The aims outlined here test the hypothesis that unsupervised plasticity occurs in the relatively low- level multisensory cortical area MSTd, whereas supervised plasticity occurs in higher-level multisensory VIP, an area thought closer to where the perceptual decisions that guide behavior are formed. Results from aim 1 about neuronal tuning curve shifts, choice probabilities and noise correlations will be used to compute population thresholds as well as simulate specific cortical lesions. These model simulations will be directly compared with the inactivation experiments in aim 2, thus providing novel information about neural decoding. Results from these experiments are critical for understanding the neural basis of multisensory plasticity, a fundamental operation our brain performs throughout our lives. Our combined use of psychophysics, single cell and population responses, causal manipulations while monitoring perception, as well as computational modeling, represents a state-of-the-art approach and ensures substantial successes.

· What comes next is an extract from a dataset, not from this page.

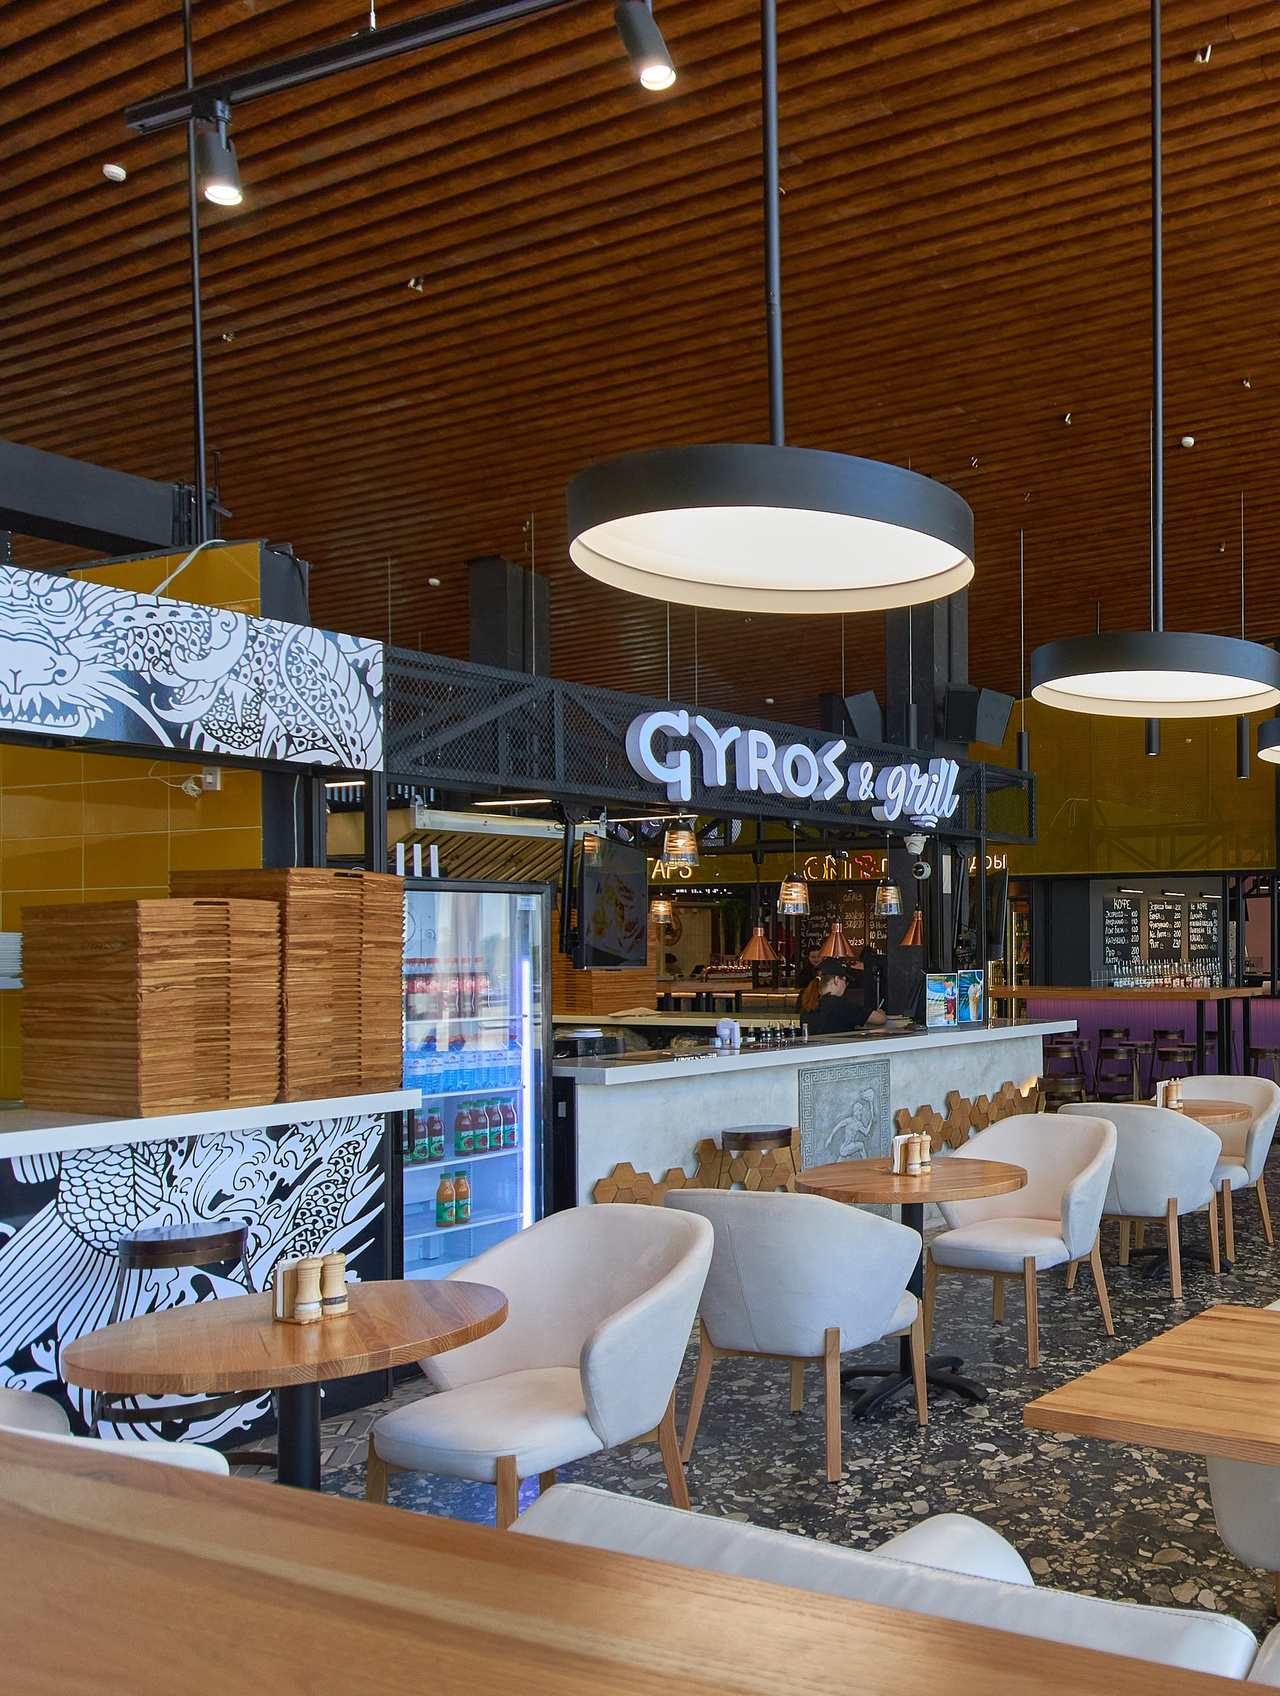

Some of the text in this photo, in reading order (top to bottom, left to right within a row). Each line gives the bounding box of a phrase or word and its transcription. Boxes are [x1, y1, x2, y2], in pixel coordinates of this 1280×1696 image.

[626, 709, 960, 822] GYROS & grill
[1113, 898, 1132, 910] КОФЕ
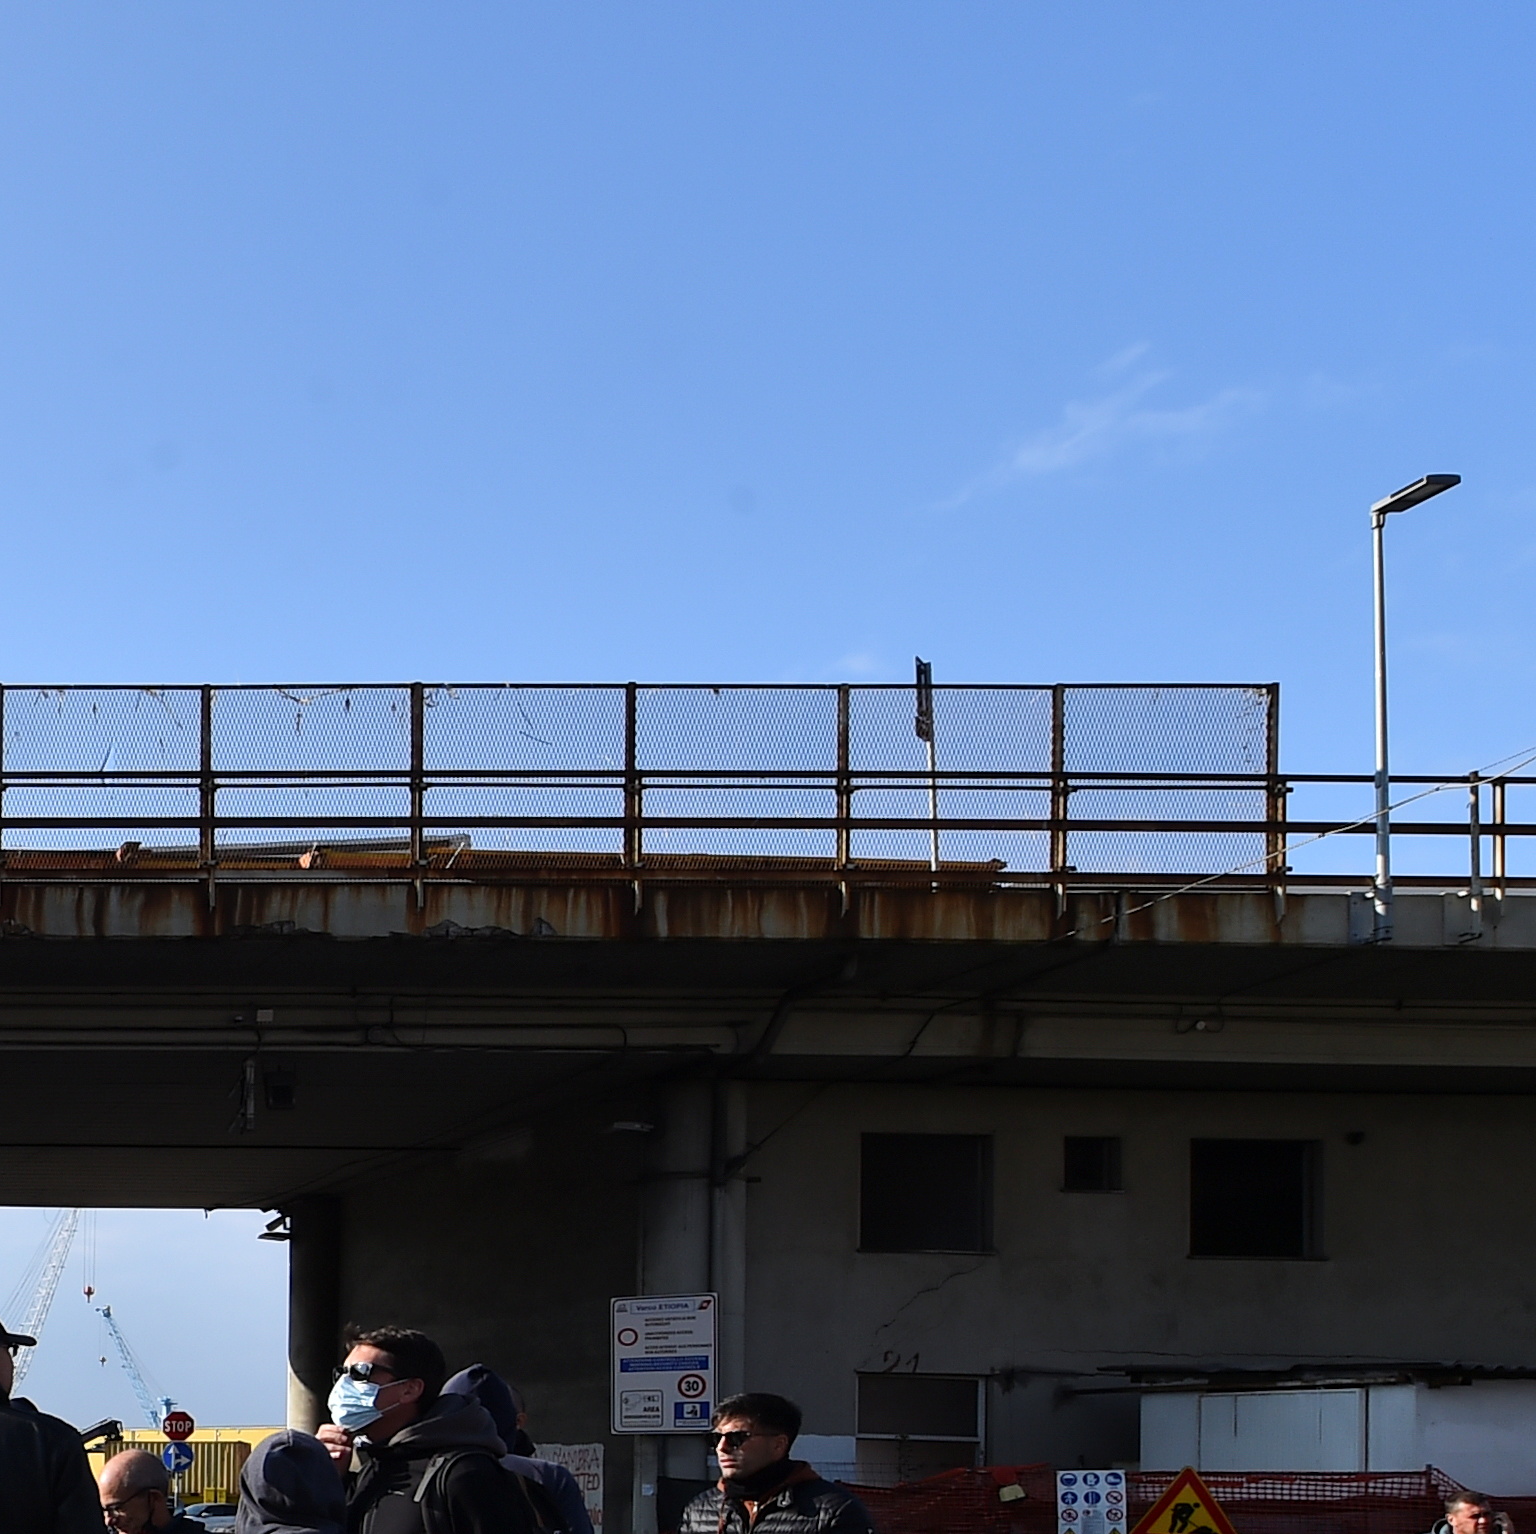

Representations of a single stimulus via multiple sensory modalities normally combine to form a coherent, unified percept, but conflicts between them can cause physical discomfort. A disagreement between visually perceived self-movement and vestibular cues can lead to motion sickness, characterized by dizziness, fatigue, nausea, and vomiting, but neural correlates remain unknown. The experiments proposed here aim at filling a very notable gap in knowledge, important for understanding the plasticity of visual-vestibular interactions during sensory conflict.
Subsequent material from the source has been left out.